Zu den mährischen Drehorten seiner Filme Rosa coeli & Herna


Am 6. September 2014 macht der Künstler Josef Dabernig mit allen, die die seltsam verlassenen und vergessenen Orte seiner Filme Rosa coeli (2003) und Herna (2010) in Farbe statt im abgefilmten Schwarz-Weiß kennenlernen wollen, eine ganztägige Busreise durch Mähren. Beide Arbeiten sind in Dabernigs aktueller Ausstellung Rock the Void zu sehen. 

Erster Halt: die ländlich geprägte Industriestadt Adamov (nördlich von Brno). Nach einem Spaziergang geht es von dort weiter in die im mährischen Karst gelegene Stadt Blansko, wo das Hotel Dukla steht –ein „realsozialistisch“ geprägtes Gebäude, in dem sich ein Großteil des Films Rosa coeli abspielt. 
Nach einer Mittagsjause wird die Fahrt in das Städtchen Dolní Kounice fortgesetzt. In dem knapp 2.500 EinwohnerInnen zählenden Ort südwestlich von Brno stoppt die Tour zur Besichtigung der Klosterruine Rosa coeli. Nie im Film zu sehen, aber auf der Tonspur beschrieben, ist sie titelgebend für Dabernigs Arbeit aus dem Jahr 2003. Die Rückreise nach Wien führt über Pohořelice, wo der Hauptdarsteller von Herna in einer freudlosen, mit zu wenigen Spielautomaten und zu vielen Aschenbechern ausgestatten Sportbar als einziger Gast sein Glück sucht, und darüber Frau und Kind im vor dem Lokal geparkten Bus vergisst. 

Auf der Tonspur der Filme, die im Mittelpunkt der Landpartie nach Tschechien stehen, hört man aus dem Off eingesprochene Texte des Autors Bruno Pellandini. Rosa coeli ist die Erzählung eines Mannes, der sich an seine Kindheit in einem mährischen Dorf erinnert, in das er zurückkehrt, um seinen Vater zu beerdigen. In der Erzählung spiegelt die Geschichte seiner Familie das wechselvolle Schicksal einer mitteleuropäischen Siedlung über die Jahrhunderte hinweg. Es ist von Krieg und Migration die Rede, von Menschen und Natur und vom Niedergang des Klosters Rosa coeli. Während sich die Erzählung entfaltet, folgt man im Bild einem Mann auf der Reise in ein Hotel im Nirgendwo. Er und zwei weitere Herren unterzeichnen dort feierlich ein Dokument – das Drehbuch zum Film. Erst mitten im Film bemerkt man die inhaltliche Unvereinbarkeit von Ton und Bild. Gehörtes und Gesehenes erzählen zwei völlig verschiedene Geschichten, verbunden nur durch die Reise eines Mannes in ein Dorf irgendwo in Tschechien. 

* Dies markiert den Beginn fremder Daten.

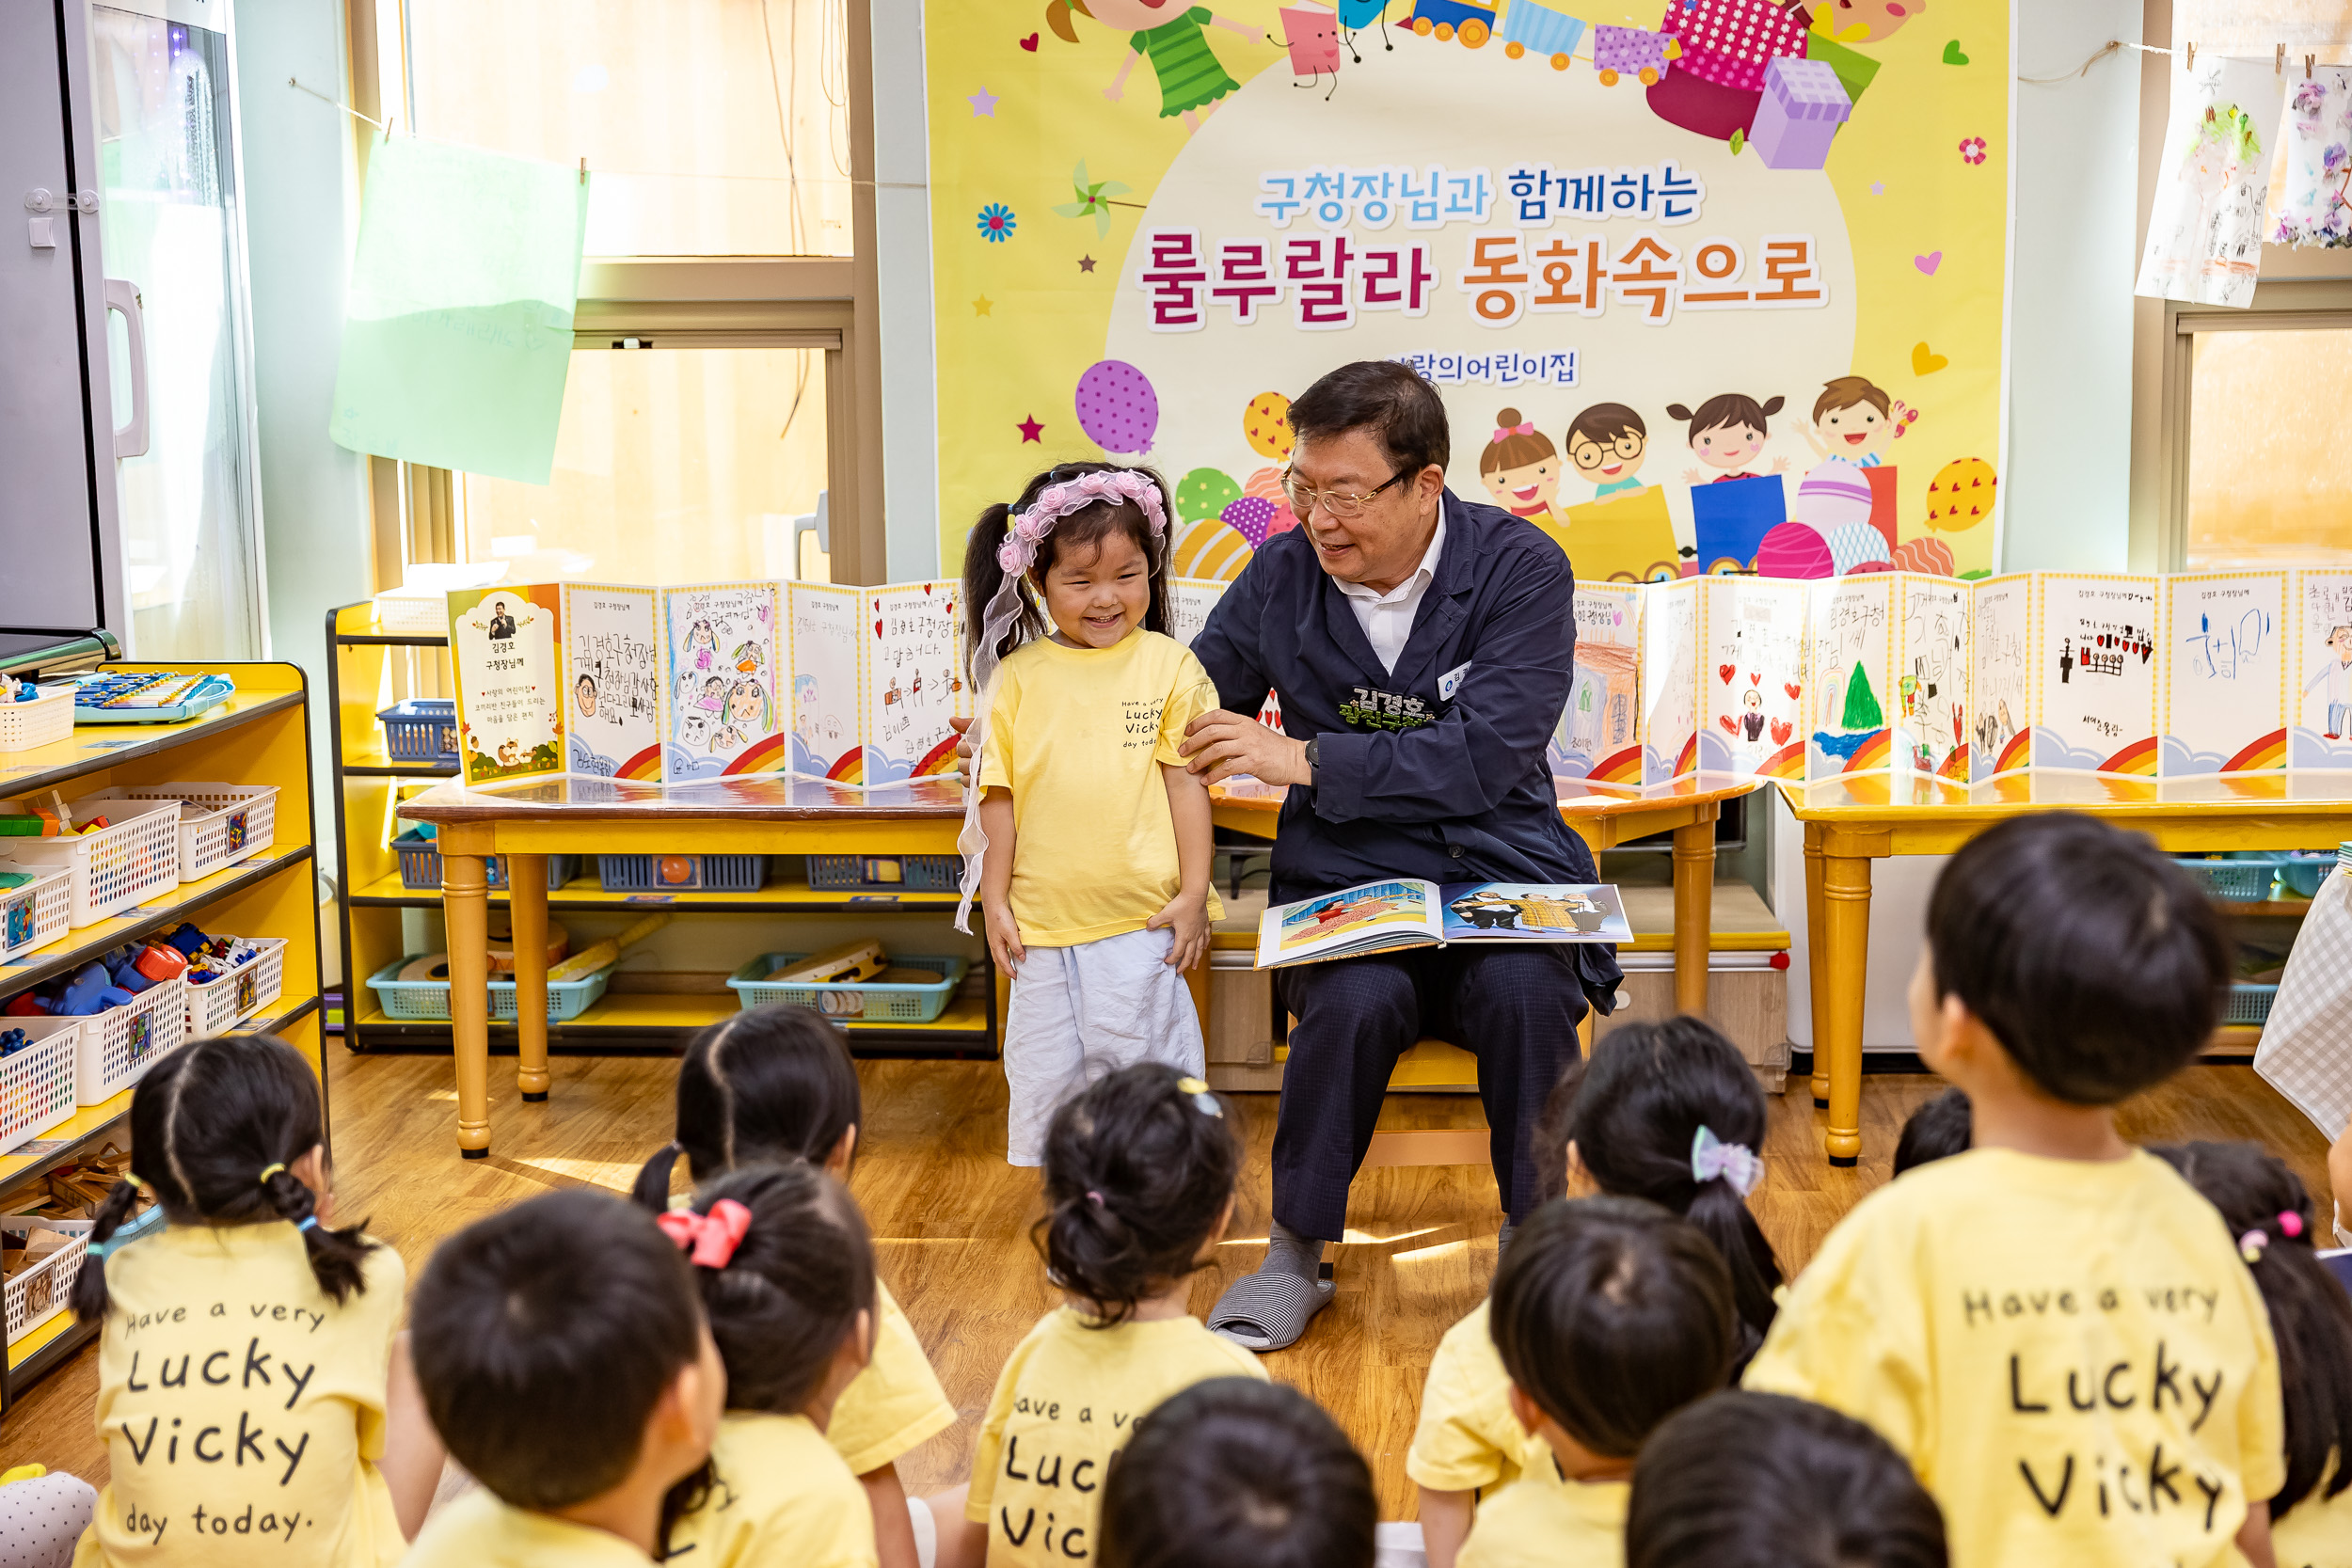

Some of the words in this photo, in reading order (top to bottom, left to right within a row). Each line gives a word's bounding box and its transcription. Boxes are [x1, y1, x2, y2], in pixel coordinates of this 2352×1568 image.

Auch die Tonebene, die über die Bilder von Herna (tschechisch für Spiel) gelegt ist, steht in einer spannungsreichen Beziehung zur visuellen Erzählung. Während der spielende Hauptdarsteller im Bild glücklos bleibt, erzählt das in einem Wirtshaus angesiedelte, vierstimmige Hörspiel Bruno Pellandinis vom Gewinnen und Verlieren von Reichtümern, Schlössern und eleganten Hotels. 
Der Autor Pellandini geht am 6. September mit auf die Reise zu den Drehorten.